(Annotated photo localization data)
....

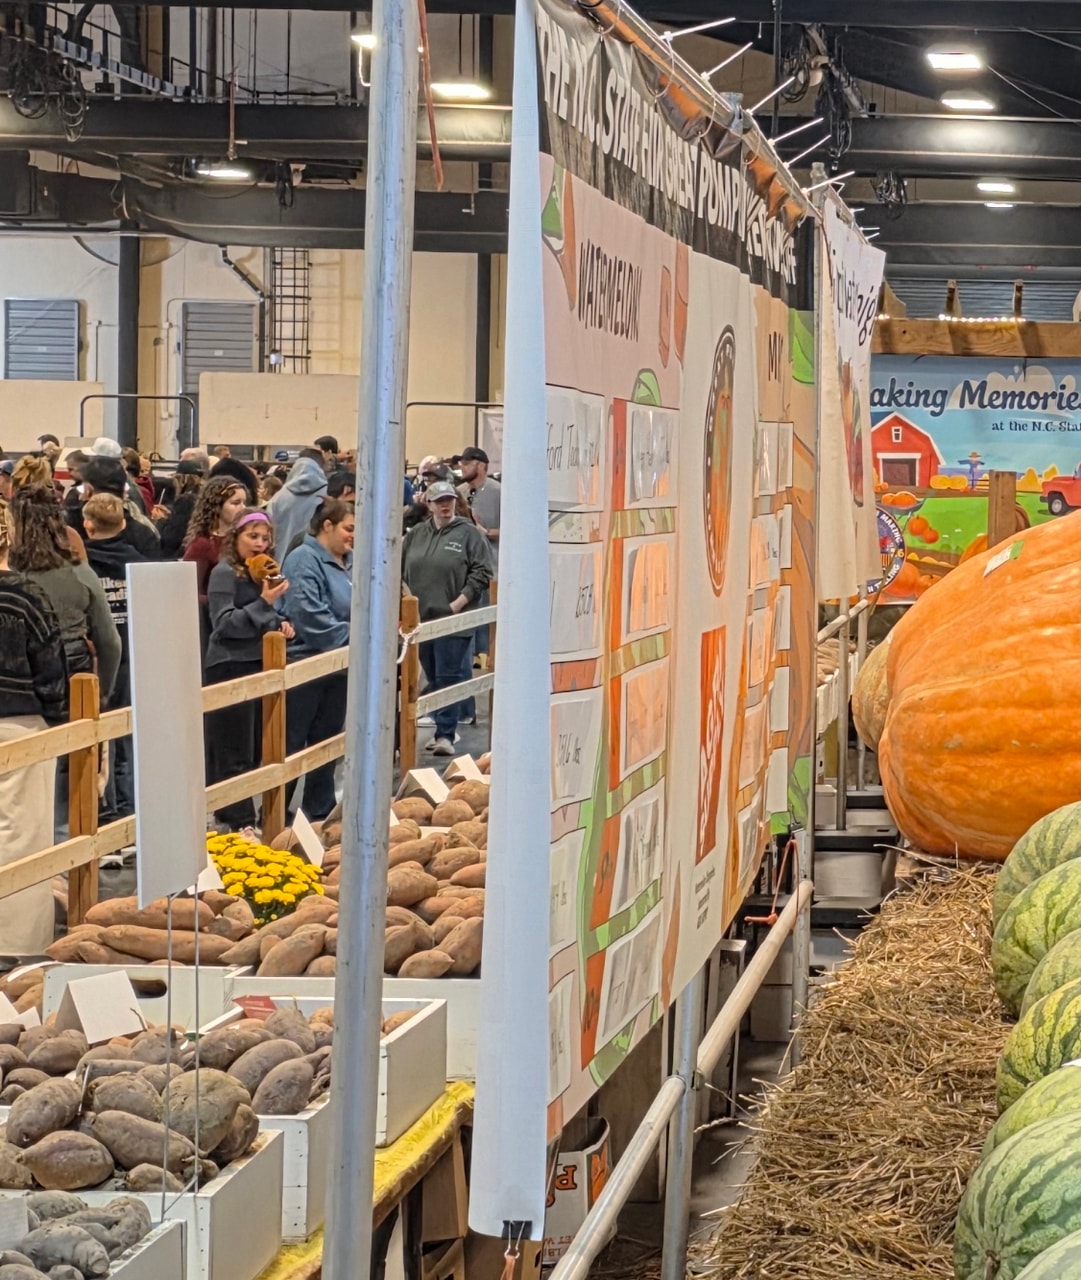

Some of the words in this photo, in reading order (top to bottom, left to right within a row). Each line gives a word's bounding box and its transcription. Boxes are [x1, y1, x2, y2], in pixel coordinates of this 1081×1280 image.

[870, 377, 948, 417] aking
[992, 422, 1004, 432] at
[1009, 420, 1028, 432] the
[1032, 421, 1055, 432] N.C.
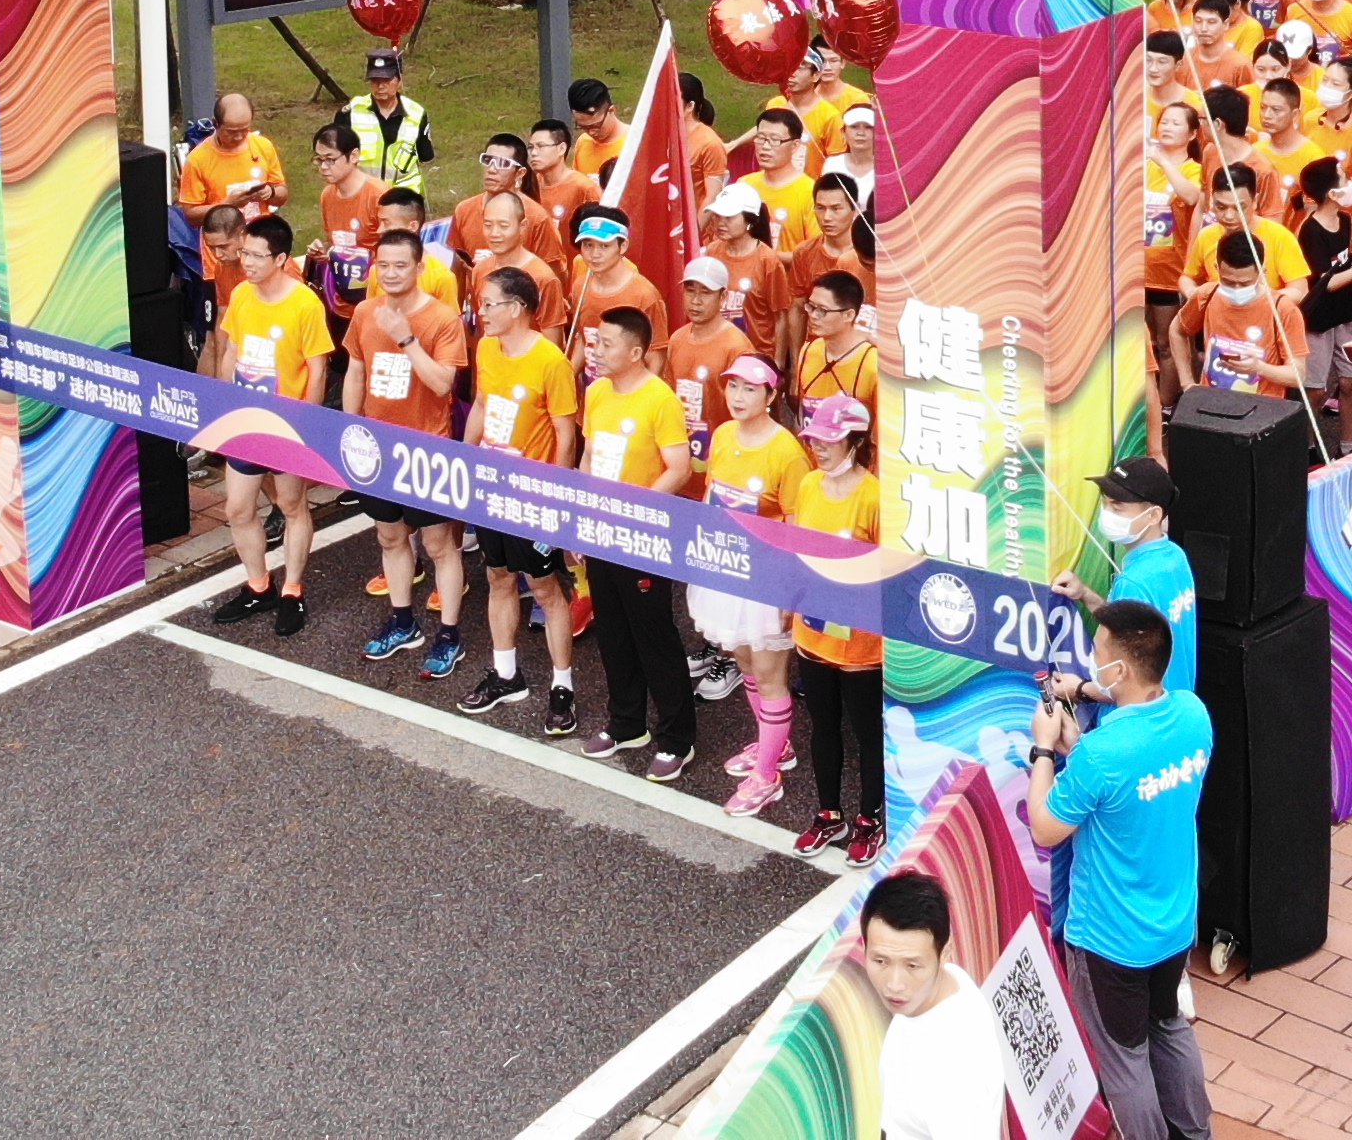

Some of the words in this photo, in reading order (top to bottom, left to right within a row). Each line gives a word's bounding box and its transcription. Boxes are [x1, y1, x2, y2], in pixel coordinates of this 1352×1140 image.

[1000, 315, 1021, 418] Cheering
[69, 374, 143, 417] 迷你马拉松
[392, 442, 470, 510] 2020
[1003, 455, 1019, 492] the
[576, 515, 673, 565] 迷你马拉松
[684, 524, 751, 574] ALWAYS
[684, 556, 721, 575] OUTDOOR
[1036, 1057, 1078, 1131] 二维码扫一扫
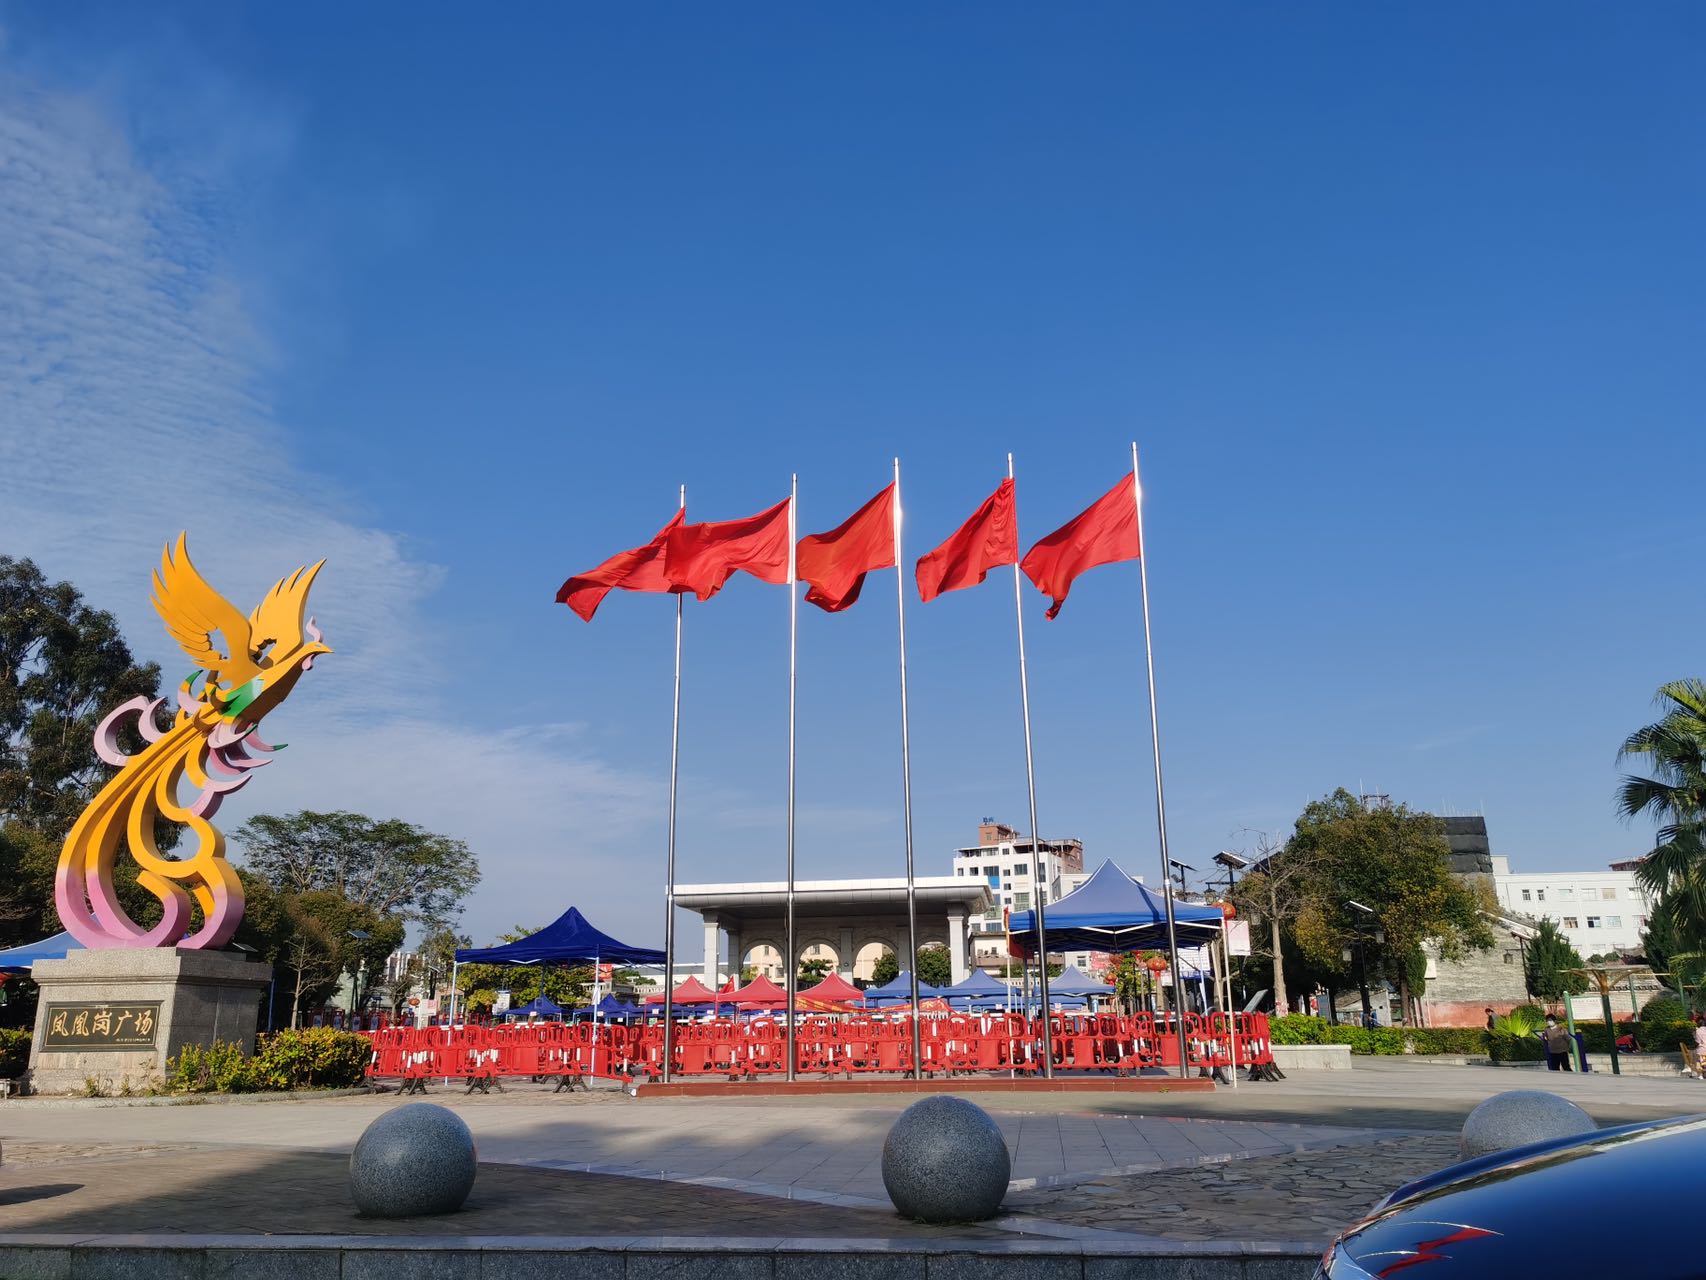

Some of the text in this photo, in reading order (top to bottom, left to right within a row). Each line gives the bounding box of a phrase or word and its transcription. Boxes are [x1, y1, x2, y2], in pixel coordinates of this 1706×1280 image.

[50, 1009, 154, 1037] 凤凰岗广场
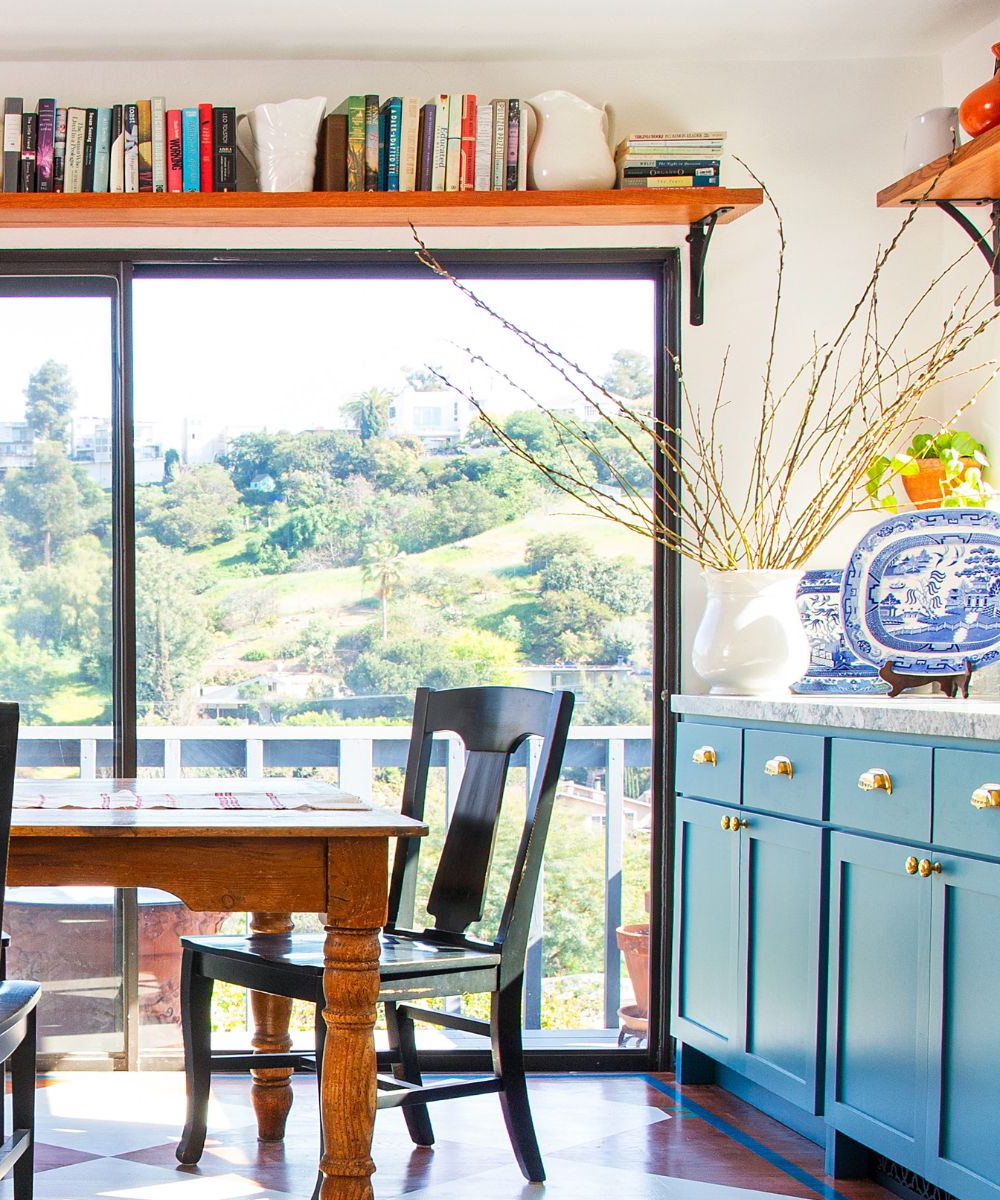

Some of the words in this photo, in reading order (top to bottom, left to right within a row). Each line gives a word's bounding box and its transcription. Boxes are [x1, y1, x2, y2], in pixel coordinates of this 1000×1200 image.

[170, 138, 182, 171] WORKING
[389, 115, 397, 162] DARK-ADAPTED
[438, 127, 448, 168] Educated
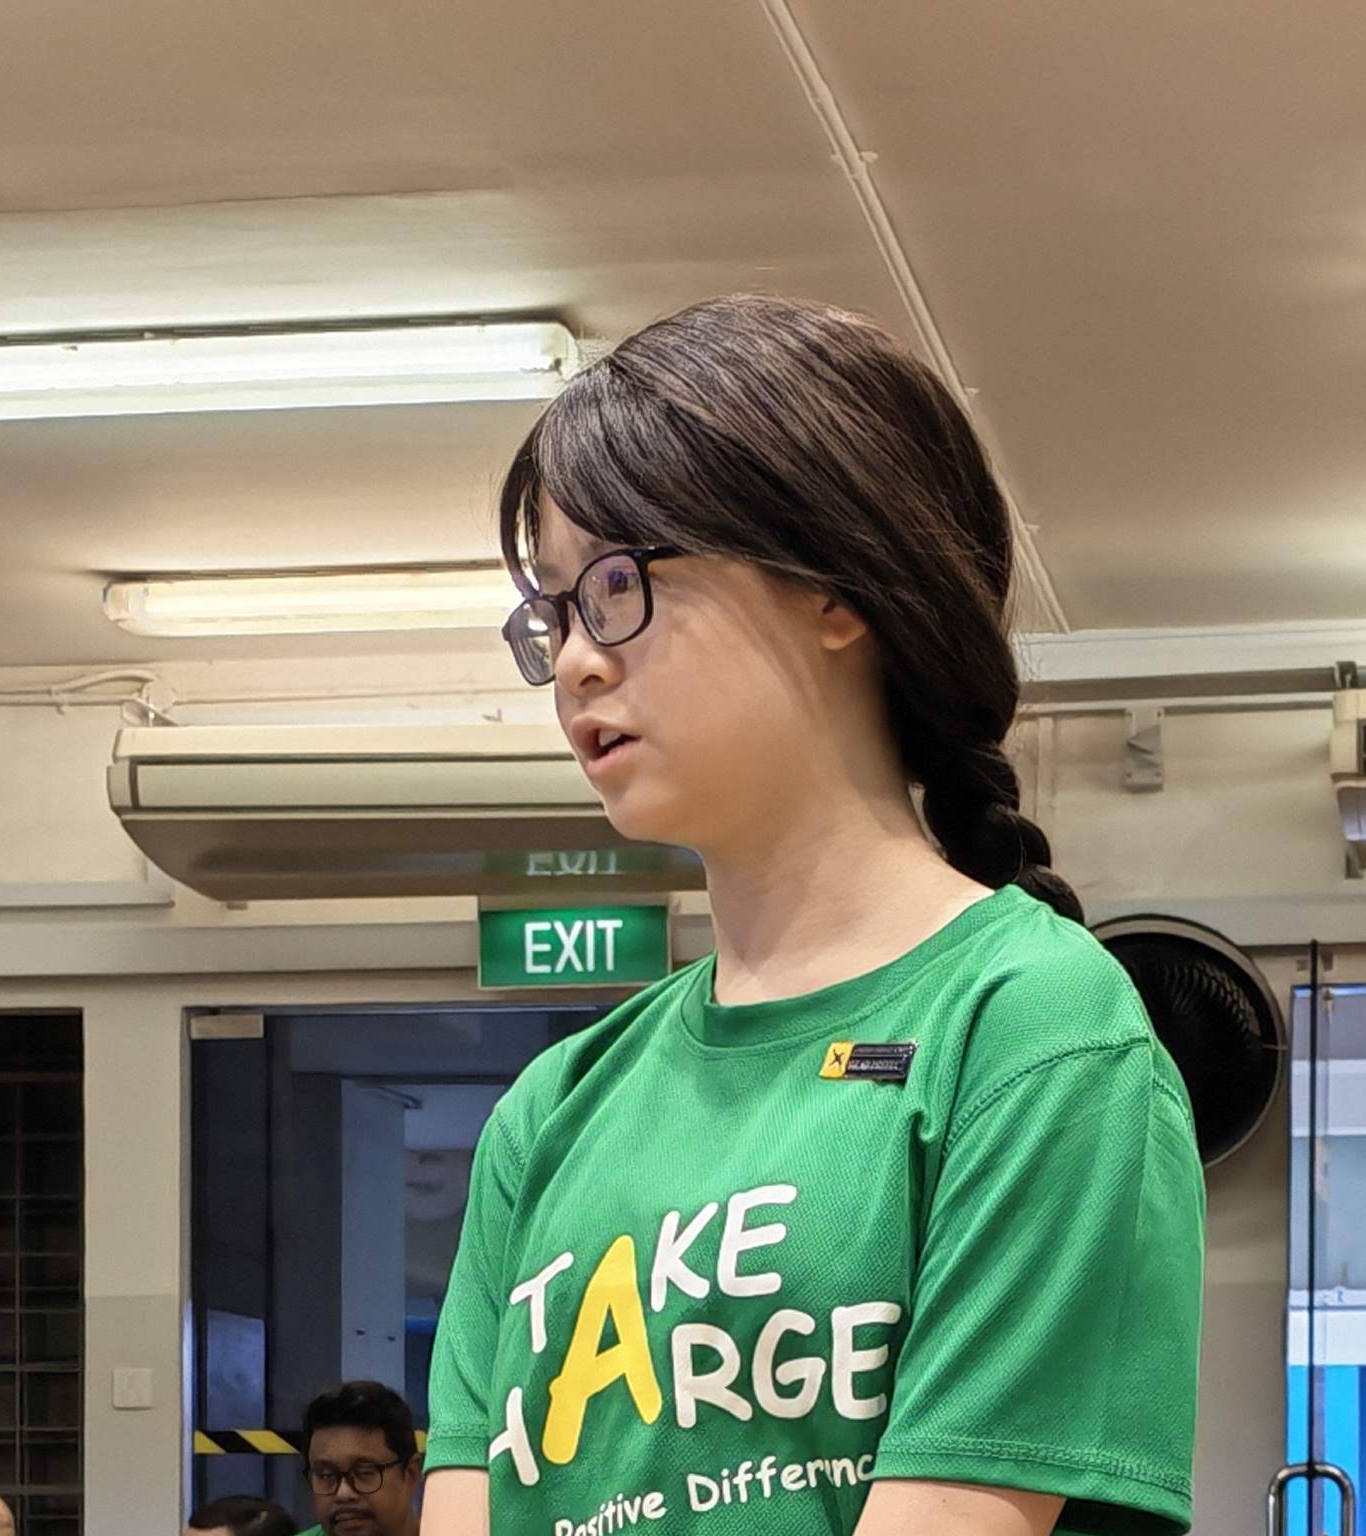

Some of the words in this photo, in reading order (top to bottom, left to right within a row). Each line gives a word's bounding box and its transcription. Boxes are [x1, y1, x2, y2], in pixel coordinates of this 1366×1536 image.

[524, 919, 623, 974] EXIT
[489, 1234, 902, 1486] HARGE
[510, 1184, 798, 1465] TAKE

....

--- What is being asked ---
A faithful copy of all the data above, without its pictures, is the expected result.

--- Completed exercise ---
Some of the words in this photo, in reading order (top to bottom, left to right within a row). Each line gives a word's bounding box and its transcription. Boxes are [x1, y1, x2, y2], in pixel coordinates of this 1081×1280 image.

[870, 377, 948, 417] aking
[992, 422, 1004, 432] at
[1009, 420, 1028, 432] the
[1032, 421, 1055, 432] N.C.

Some of the words in this photo, in reading order (top to bottom, left to right within a row). Each line gives a word's bounding box and its transcription. Boxes are [x1, y1, x2, y2], in pixel coordinates of this 1352×1140 image.

[1000, 315, 1021, 418] Cheering
[69, 374, 143, 417] 迷你马拉松
[392, 442, 470, 510] 2020
[1003, 455, 1019, 492] the
[576, 515, 673, 565] 迷你马拉松
[684, 524, 751, 574] ALWAYS
[684, 556, 721, 575] OUTDOOR
[1036, 1057, 1078, 1131] 二维码扫一扫

Some of the text in this photo, in reading order (top to bottom, left to right within a row). Each line gives the bounding box of a phrase or word and its transcription. Boxes are [x1, y1, x2, y2], in pixel coordinates of this 1706×1280 image.

[50, 1009, 154, 1037] 凤凰岗广场

Some of the words in this photo, in reading order (top to bottom, left to right within a row). Each line gives a word's bounding box and its transcription. Boxes are [x1, y1, x2, y2], in pixel coordinates of this 1000×1200 image.

[170, 138, 182, 171] WORKING
[389, 115, 397, 162] DARK-ADAPTED
[438, 127, 448, 168] Educated

Some of the words in this photo, in reading order (top to bottom, left to right within a row). Each line gives a word's bounding box and its transcription. Boxes are [x1, y1, x2, y2], in pixel coordinates of this 1366×1536 image.

[524, 919, 623, 974] EXIT
[489, 1234, 902, 1486] HARGE
[510, 1184, 798, 1465] TAKE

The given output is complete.